Task input START
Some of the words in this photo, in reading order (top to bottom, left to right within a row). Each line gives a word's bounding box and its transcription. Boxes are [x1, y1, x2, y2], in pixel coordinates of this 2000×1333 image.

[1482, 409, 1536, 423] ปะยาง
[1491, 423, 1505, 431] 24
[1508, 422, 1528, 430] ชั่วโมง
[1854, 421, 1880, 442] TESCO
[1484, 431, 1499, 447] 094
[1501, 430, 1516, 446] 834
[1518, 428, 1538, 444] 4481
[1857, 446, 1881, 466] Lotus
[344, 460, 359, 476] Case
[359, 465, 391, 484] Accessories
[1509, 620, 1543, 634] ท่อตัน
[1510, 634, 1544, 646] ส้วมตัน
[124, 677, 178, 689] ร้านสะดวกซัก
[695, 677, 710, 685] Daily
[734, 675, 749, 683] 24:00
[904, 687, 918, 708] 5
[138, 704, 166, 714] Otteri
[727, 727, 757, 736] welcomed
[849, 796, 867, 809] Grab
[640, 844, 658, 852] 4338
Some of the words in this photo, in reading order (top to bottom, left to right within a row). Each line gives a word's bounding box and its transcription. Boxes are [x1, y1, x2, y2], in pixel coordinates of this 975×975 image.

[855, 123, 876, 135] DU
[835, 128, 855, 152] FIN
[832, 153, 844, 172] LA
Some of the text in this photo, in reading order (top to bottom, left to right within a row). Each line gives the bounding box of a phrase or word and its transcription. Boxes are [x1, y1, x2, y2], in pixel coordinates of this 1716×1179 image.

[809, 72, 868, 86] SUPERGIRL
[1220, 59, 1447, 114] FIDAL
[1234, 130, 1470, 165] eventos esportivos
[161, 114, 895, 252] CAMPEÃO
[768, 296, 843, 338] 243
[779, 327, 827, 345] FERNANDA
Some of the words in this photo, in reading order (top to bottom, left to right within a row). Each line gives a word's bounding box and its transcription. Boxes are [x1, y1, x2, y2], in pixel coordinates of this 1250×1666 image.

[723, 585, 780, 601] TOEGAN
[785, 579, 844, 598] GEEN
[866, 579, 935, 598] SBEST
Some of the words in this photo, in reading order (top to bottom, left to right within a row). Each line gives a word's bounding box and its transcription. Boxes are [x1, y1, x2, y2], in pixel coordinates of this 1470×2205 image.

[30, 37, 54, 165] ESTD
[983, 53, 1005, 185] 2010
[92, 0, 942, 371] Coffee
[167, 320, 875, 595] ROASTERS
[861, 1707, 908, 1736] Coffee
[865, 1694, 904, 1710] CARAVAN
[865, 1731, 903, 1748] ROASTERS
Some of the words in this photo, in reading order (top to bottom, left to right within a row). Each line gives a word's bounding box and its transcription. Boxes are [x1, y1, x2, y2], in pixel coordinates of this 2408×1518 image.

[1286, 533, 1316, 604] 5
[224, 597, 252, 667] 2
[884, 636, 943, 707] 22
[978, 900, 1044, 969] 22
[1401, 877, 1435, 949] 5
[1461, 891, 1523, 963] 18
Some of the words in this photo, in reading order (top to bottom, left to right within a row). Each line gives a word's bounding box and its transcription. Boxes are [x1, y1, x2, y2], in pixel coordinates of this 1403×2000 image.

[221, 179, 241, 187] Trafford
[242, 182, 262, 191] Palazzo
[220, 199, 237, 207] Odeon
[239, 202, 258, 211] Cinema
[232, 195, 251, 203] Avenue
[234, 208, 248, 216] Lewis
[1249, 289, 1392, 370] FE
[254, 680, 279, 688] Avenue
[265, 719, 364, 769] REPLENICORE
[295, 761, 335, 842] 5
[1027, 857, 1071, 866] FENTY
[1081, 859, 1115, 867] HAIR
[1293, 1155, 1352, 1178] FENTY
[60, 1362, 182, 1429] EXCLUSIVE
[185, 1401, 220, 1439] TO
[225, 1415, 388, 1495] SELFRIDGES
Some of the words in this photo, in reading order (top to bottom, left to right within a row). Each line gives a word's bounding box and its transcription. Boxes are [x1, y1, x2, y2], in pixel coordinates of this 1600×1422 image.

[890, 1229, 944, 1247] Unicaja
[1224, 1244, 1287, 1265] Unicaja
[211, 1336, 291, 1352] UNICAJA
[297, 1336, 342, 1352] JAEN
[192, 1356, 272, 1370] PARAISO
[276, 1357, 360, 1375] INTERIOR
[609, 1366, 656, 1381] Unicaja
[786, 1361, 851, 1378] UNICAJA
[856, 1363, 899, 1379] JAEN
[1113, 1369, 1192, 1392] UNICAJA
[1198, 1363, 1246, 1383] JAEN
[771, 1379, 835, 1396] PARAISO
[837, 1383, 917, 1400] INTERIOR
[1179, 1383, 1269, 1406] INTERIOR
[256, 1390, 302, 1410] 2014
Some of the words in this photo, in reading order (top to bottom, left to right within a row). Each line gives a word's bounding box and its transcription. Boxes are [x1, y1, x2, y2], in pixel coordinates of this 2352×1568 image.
Task input END
*What you should do*. Your answer must consist of every line above, transcribed verbatim.

*Written answer*.
Some of the words in this photo, in reading order (top to bottom, left to right within a row). Each line gives a word's bounding box and its transcription. Boxes are [x1, y1, x2, y2], in pixel coordinates of this 2000×1333 image.

[1482, 409, 1536, 423] ปะยาง
[1491, 423, 1505, 431] 24
[1508, 422, 1528, 430] ชั่วโมง
[1854, 421, 1880, 442] TESCO
[1484, 431, 1499, 447] 094
[1501, 430, 1516, 446] 834
[1518, 428, 1538, 444] 4481
[1857, 446, 1881, 466] Lotus
[344, 460, 359, 476] Case
[359, 465, 391, 484] Accessories
[1509, 620, 1543, 634] ท่อตัน
[1510, 634, 1544, 646] ส้วมตัน
[124, 677, 178, 689] ร้านสะดวกซัก
[695, 677, 710, 685] Daily
[734, 675, 749, 683] 24:00
[904, 687, 918, 708] 5
[138, 704, 166, 714] Otteri
[727, 727, 757, 736] welcomed
[849, 796, 867, 809] Grab
[640, 844, 658, 852] 4338
Some of the words in this photo, in reading order (top to bottom, left to right within a row). Each line gives a word's bounding box and its transcription. Boxes are [x1, y1, x2, y2], in pixel coordinates of this 975×975 image.

[855, 123, 876, 135] DU
[835, 128, 855, 152] FIN
[832, 153, 844, 172] LA
Some of the text in this photo, in reading order (top to bottom, left to right within a row). Each line gives the bounding box of a phrase or word and its transcription. Boxes are [x1, y1, x2, y2], in pixel coordinates of this 1716×1179 image.

[809, 72, 868, 86] SUPERGIRL
[1220, 59, 1447, 114] FIDAL
[1234, 130, 1470, 165] eventos esportivos
[161, 114, 895, 252] CAMPEÃO
[768, 296, 843, 338] 243
[779, 327, 827, 345] FERNANDA
Some of the words in this photo, in reading order (top to bottom, left to right within a row). Each line gives a word's bounding box and its transcription. Boxes are [x1, y1, x2, y2], in pixel coordinates of this 1250×1666 image.

[723, 585, 780, 601] TOEGAN
[785, 579, 844, 598] GEEN
[866, 579, 935, 598] SBEST
Some of the words in this photo, in reading order (top to bottom, left to right within a row). Each line gives a word's bounding box and its transcription. Boxes are [x1, y1, x2, y2], in pixel coordinates of this 1470×2205 image.

[30, 37, 54, 165] ESTD
[983, 53, 1005, 185] 2010
[92, 0, 942, 371] Coffee
[167, 320, 875, 595] ROASTERS
[861, 1707, 908, 1736] Coffee
[865, 1694, 904, 1710] CARAVAN
[865, 1731, 903, 1748] ROASTERS
Some of the words in this photo, in reading order (top to bottom, left to right within a row). Each line gives a word's bounding box and its transcription. Boxes are [x1, y1, x2, y2], in pixel coordinates of this 2408×1518 image.

[1286, 533, 1316, 604] 5
[224, 597, 252, 667] 2
[884, 636, 943, 707] 22
[978, 900, 1044, 969] 22
[1401, 877, 1435, 949] 5
[1461, 891, 1523, 963] 18
Some of the words in this photo, in reading order (top to bottom, left to right within a row). Each line gives a word's bounding box and its transcription. Boxes are [x1, y1, x2, y2], in pixel coordinates of this 1403×2000 image.

[221, 179, 241, 187] Trafford
[242, 182, 262, 191] Palazzo
[220, 199, 237, 207] Odeon
[239, 202, 258, 211] Cinema
[232, 195, 251, 203] Avenue
[234, 208, 248, 216] Lewis
[1249, 289, 1392, 370] FE
[254, 680, 279, 688] Avenue
[265, 719, 364, 769] REPLENICORE
[295, 761, 335, 842] 5
[1027, 857, 1071, 866] FENTY
[1081, 859, 1115, 867] HAIR
[1293, 1155, 1352, 1178] FENTY
[60, 1362, 182, 1429] EXCLUSIVE
[185, 1401, 220, 1439] TO
[225, 1415, 388, 1495] SELFRIDGES
Some of the words in this photo, in reading order (top to bottom, left to right within a row). Each line gives a word's bounding box and its transcription. Boxes are [x1, y1, x2, y2], in pixel coordinates of this 1600×1422 image.

[890, 1229, 944, 1247] Unicaja
[1224, 1244, 1287, 1265] Unicaja
[211, 1336, 291, 1352] UNICAJA
[297, 1336, 342, 1352] JAEN
[192, 1356, 272, 1370] PARAISO
[276, 1357, 360, 1375] INTERIOR
[609, 1366, 656, 1381] Unicaja
[786, 1361, 851, 1378] UNICAJA
[856, 1363, 899, 1379] JAEN
[1113, 1369, 1192, 1392] UNICAJA
[1198, 1363, 1246, 1383] JAEN
[771, 1379, 835, 1396] PARAISO
[837, 1383, 917, 1400] INTERIOR
[1179, 1383, 1269, 1406] INTERIOR
[256, 1390, 302, 1410] 2014
Some of the words in this photo, in reading order (top to bottom, left to right within a row). Each line gives a word's bounding box and its transcription. Boxes are [x1, y1, x2, y2], in pixel coordinates of this 2352×1568 image.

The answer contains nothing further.